The lover, with soft lips and clever fingers, who performed his greatest trick of all when he taught his hunter to be a human, to understand his own heart, to touch another without hate or fear.

Javert knew this man and he trusted him, no matter the things his hands may do beneath tables. Surely it was no demon that possessed him, only Valjean there to teach him something new, and Javert followed him through the crowd with a lighter step and heart despite Valjean’s games that night. 

Cosette found them first, threading through the press of well-wishers and emptied tables, Marius following her as faithfully as Javert followed Valjean. She was her father’s daughter, for sure; Javert had thought this from the moment he met her and her husband’s devotion was only further proof that she had learned well from Valjean. It was difficult to resist their pull. 

“Papa,” she smiled, giving him her hand. Valjean kissed it, and Javert nodded to Marius’, who hung back and allowed them their moment. 

The boy returned the gesture. His face was flushed, a sure sign of a little too much indulgence, and Javert reflected that on any other night Valjean would comment upon it when they were alone, more unkindly than one would think he was capable of. Tonight though, distracted as he seemed to be, Javert thought that the boy might get away with it. 

“Monsieur Javert,” Cosette said, and Javert turned sharply. She was looking at him patiently and he realised she must have already spoken to him and he had ignored her, “Are you well, monsieur? Papa says you were a little too warm in your corner.”

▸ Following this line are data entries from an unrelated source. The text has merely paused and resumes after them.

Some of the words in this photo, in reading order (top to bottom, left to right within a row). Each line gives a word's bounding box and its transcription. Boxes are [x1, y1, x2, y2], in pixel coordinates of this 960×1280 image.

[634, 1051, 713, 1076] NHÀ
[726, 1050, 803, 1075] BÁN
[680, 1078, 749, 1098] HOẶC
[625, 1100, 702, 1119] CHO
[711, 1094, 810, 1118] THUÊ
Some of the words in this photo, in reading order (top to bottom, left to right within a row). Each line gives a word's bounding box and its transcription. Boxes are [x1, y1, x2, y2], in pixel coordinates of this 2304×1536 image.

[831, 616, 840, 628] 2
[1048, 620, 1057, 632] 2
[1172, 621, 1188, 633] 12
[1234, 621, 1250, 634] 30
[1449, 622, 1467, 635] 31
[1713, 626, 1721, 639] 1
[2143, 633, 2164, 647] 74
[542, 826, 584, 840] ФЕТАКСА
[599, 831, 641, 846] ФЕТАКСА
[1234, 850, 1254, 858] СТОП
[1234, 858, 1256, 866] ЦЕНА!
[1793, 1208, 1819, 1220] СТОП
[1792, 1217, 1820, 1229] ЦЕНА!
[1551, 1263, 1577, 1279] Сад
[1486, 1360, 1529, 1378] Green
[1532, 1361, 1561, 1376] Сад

“Very well, thank you, madame,” he stammered, eyes darting to Valjean’s face, a face made carefully blank save for a peculiar blaze in his eyes, before dropping to the floor, “The dinner was – very nice. Thank you for the invitation.”

“You are always welcome, monsieur,” she said, reaching to press his hand, as her husband voiced his agreement, “You know that.”

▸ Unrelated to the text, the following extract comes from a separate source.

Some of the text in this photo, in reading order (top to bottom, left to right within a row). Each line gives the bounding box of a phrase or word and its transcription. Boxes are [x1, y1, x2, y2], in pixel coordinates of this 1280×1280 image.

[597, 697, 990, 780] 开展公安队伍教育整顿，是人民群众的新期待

She had long grown used to his inability to chat aimlessly and took his awkward compliments as well as if he had written her a verse. In his turn he had become familiar with her willingness to welcome him into her family and accepted her acknowledgements with a good grace that he had to carve out of himself, slow and painful as chipping at rock. Sometimes he would dare to look at her when she smiled at him and try to read something there, to see if she understood his true place in her world, the life he shared with her father, but he had no skill with such things and she gave nothing away. 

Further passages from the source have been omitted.